*** Opening Data shown ***

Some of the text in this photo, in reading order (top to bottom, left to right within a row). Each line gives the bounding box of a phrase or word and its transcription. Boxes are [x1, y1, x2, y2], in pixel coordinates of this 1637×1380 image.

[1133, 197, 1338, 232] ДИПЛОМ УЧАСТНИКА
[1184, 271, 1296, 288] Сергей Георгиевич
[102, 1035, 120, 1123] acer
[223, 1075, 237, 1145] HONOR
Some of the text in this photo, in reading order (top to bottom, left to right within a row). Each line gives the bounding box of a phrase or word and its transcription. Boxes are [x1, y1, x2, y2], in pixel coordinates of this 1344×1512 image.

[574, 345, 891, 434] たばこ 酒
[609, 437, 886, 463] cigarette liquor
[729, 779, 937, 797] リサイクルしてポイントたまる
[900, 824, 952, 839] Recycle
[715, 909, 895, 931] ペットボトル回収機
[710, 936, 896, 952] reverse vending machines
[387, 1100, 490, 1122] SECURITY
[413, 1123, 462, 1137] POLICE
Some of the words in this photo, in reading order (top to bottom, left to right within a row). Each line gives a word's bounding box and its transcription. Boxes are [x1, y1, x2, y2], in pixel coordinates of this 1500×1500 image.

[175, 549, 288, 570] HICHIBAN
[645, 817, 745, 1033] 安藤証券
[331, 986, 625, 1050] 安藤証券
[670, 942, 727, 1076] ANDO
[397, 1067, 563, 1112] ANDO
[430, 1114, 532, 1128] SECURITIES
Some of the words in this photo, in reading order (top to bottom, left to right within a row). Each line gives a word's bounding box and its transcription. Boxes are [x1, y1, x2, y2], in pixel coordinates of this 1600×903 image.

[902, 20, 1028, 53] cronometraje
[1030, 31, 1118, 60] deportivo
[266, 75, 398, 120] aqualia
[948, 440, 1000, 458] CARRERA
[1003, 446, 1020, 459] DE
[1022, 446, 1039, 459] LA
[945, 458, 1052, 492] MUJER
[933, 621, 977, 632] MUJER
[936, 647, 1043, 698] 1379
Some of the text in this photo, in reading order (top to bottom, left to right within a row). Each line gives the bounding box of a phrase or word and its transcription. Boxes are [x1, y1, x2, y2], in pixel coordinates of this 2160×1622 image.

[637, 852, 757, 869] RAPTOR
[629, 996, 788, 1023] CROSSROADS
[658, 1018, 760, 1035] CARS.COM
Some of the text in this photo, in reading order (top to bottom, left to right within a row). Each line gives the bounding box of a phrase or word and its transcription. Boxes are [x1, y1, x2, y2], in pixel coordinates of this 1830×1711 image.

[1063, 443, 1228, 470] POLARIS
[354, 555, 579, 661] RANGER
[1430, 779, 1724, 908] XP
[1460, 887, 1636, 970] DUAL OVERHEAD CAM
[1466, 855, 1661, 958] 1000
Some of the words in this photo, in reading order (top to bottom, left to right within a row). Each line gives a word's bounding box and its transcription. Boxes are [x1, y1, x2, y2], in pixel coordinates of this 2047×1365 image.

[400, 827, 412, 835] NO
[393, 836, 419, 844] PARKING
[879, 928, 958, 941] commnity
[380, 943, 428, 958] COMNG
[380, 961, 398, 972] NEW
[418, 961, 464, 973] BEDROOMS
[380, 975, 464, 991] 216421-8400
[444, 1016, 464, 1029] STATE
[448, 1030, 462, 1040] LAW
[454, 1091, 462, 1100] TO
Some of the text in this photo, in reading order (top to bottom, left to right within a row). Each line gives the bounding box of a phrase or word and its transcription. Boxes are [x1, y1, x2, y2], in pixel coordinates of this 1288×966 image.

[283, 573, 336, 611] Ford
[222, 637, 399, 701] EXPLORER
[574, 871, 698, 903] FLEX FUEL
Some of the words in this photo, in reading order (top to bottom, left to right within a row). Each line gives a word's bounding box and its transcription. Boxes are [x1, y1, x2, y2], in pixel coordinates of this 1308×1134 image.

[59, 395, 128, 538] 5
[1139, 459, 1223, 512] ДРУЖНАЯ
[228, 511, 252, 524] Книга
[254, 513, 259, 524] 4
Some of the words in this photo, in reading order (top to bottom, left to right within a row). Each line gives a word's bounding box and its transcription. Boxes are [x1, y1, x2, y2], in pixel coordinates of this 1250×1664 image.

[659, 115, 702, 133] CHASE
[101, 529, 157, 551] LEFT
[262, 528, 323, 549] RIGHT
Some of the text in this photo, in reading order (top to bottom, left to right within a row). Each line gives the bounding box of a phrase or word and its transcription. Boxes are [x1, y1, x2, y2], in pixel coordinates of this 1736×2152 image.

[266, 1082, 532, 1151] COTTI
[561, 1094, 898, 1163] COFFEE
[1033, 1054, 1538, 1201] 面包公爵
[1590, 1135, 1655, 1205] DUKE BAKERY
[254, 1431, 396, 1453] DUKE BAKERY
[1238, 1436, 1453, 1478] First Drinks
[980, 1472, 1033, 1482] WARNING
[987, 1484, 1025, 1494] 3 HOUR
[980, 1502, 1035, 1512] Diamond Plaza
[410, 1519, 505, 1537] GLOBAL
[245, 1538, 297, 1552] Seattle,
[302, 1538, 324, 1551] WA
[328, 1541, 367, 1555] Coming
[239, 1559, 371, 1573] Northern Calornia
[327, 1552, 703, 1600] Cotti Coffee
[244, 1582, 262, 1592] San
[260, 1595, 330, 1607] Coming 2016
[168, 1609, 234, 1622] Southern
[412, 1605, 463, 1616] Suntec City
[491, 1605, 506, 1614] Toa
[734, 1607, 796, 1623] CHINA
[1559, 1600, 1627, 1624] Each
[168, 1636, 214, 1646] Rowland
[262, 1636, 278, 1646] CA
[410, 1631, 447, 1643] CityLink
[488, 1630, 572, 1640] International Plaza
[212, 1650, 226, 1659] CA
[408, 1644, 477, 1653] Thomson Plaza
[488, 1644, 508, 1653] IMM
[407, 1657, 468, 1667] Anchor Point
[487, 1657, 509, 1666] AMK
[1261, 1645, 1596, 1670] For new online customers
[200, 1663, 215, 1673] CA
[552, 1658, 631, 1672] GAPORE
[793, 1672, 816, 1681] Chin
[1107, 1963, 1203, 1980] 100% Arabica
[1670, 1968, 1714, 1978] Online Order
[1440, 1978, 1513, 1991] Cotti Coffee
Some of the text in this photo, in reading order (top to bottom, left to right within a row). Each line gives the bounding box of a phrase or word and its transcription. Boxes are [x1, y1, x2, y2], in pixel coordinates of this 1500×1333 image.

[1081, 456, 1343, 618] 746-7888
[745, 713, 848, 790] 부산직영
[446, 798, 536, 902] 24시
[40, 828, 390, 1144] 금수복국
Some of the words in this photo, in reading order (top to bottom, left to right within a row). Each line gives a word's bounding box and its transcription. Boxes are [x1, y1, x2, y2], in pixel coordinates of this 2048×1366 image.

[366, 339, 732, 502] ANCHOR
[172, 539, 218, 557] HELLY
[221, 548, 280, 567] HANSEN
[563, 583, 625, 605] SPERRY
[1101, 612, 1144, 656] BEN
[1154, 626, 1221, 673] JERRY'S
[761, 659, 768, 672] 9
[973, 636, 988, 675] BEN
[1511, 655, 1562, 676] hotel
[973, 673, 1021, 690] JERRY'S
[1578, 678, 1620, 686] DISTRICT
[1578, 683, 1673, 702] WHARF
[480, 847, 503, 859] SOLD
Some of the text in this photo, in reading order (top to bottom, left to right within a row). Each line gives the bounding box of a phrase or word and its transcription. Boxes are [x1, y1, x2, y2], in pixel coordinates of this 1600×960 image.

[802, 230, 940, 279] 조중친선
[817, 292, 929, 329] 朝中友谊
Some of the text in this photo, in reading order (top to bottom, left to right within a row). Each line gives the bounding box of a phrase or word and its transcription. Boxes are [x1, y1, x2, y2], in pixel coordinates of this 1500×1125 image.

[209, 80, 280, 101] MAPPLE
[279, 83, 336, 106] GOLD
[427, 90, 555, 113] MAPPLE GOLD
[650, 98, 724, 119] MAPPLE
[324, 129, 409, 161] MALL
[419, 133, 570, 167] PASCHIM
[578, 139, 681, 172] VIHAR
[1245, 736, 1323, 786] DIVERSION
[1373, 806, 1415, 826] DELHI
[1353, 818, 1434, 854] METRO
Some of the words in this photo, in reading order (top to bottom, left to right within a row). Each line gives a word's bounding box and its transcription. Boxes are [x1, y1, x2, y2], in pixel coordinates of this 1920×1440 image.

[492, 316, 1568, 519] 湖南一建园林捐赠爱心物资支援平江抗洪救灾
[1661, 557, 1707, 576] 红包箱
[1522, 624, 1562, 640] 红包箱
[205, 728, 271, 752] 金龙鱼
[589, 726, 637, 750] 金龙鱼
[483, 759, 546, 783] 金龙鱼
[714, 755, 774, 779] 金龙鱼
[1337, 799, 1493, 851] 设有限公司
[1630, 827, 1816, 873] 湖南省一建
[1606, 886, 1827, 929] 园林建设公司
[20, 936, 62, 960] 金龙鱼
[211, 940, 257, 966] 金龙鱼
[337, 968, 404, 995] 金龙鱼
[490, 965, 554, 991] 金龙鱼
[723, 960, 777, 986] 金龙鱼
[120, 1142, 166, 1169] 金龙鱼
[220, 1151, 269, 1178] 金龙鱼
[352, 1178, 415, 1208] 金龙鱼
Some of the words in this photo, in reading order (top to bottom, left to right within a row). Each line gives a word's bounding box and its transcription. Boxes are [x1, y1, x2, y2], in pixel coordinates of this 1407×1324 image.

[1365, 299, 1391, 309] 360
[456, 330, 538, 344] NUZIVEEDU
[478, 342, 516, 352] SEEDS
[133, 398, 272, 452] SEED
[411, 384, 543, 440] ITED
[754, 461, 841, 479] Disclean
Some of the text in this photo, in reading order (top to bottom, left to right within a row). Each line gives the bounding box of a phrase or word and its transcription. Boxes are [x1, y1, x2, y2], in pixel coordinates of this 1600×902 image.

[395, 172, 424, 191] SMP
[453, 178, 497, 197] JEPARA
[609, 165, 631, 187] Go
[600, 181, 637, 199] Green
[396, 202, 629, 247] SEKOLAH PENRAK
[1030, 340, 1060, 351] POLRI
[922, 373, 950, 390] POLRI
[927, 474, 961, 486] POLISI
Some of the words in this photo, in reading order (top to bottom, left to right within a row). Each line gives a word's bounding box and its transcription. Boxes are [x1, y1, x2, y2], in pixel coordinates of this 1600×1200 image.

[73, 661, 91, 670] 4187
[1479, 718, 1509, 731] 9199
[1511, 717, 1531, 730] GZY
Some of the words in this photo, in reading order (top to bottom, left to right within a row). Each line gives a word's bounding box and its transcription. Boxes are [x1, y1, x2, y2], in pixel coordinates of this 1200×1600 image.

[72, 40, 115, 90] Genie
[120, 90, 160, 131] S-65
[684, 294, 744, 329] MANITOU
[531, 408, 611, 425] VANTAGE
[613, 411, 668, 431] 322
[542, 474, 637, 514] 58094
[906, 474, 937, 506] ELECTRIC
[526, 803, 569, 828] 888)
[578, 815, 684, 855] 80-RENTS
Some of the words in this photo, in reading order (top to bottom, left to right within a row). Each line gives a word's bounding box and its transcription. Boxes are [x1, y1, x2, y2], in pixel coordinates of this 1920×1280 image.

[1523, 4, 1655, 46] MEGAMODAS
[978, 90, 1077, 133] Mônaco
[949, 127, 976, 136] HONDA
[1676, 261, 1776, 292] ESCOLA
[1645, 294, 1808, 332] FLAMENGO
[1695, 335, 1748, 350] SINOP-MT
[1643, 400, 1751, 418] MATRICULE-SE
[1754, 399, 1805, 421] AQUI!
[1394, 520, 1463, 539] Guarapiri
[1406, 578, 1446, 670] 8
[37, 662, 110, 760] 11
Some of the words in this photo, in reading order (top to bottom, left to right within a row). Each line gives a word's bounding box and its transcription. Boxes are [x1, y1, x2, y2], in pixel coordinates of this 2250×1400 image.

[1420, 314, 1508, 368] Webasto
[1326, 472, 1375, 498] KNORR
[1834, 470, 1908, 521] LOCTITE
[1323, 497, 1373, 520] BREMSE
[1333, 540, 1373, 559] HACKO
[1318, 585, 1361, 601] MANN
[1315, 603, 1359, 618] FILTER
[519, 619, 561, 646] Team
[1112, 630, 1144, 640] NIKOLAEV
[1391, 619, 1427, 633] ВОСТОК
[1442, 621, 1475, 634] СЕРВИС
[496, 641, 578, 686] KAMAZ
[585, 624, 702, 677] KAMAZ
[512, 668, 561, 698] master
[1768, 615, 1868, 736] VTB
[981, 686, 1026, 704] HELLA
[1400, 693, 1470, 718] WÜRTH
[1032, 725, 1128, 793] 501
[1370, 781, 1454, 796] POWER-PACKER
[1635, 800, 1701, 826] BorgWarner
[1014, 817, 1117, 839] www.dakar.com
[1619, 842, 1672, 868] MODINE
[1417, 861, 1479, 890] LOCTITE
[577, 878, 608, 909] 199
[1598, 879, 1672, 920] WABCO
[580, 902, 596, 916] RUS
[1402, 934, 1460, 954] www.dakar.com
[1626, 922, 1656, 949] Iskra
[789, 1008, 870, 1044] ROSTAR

*** Closing Data shown ***

Copy out exactly the lines that run from the one holding "this 2250×1400 image." through the end of the data above.

Some of the words in this photo, in reading order (top to bottom, left to right within a row). Each line gives a word's bounding box and its transcription. Boxes are [x1, y1, x2, y2], in pixel coordinates of this 2250×1400 image.

[1420, 314, 1508, 368] Webasto
[1326, 472, 1375, 498] KNORR
[1834, 470, 1908, 521] LOCTITE
[1323, 497, 1373, 520] BREMSE
[1333, 540, 1373, 559] HACKO
[1318, 585, 1361, 601] MANN
[1315, 603, 1359, 618] FILTER
[519, 619, 561, 646] Team
[1112, 630, 1144, 640] NIKOLAEV
[1391, 619, 1427, 633] ВОСТОК
[1442, 621, 1475, 634] СЕРВИС
[496, 641, 578, 686] KAMAZ
[585, 624, 702, 677] KAMAZ
[512, 668, 561, 698] master
[1768, 615, 1868, 736] VTB
[981, 686, 1026, 704] HELLA
[1400, 693, 1470, 718] WÜRTH
[1032, 725, 1128, 793] 501
[1370, 781, 1454, 796] POWER-PACKER
[1635, 800, 1701, 826] BorgWarner
[1014, 817, 1117, 839] www.dakar.com
[1619, 842, 1672, 868] MODINE
[1417, 861, 1479, 890] LOCTITE
[577, 878, 608, 909] 199
[1598, 879, 1672, 920] WABCO
[580, 902, 596, 916] RUS
[1402, 934, 1460, 954] www.dakar.com
[1626, 922, 1656, 949] Iskra
[789, 1008, 870, 1044] ROSTAR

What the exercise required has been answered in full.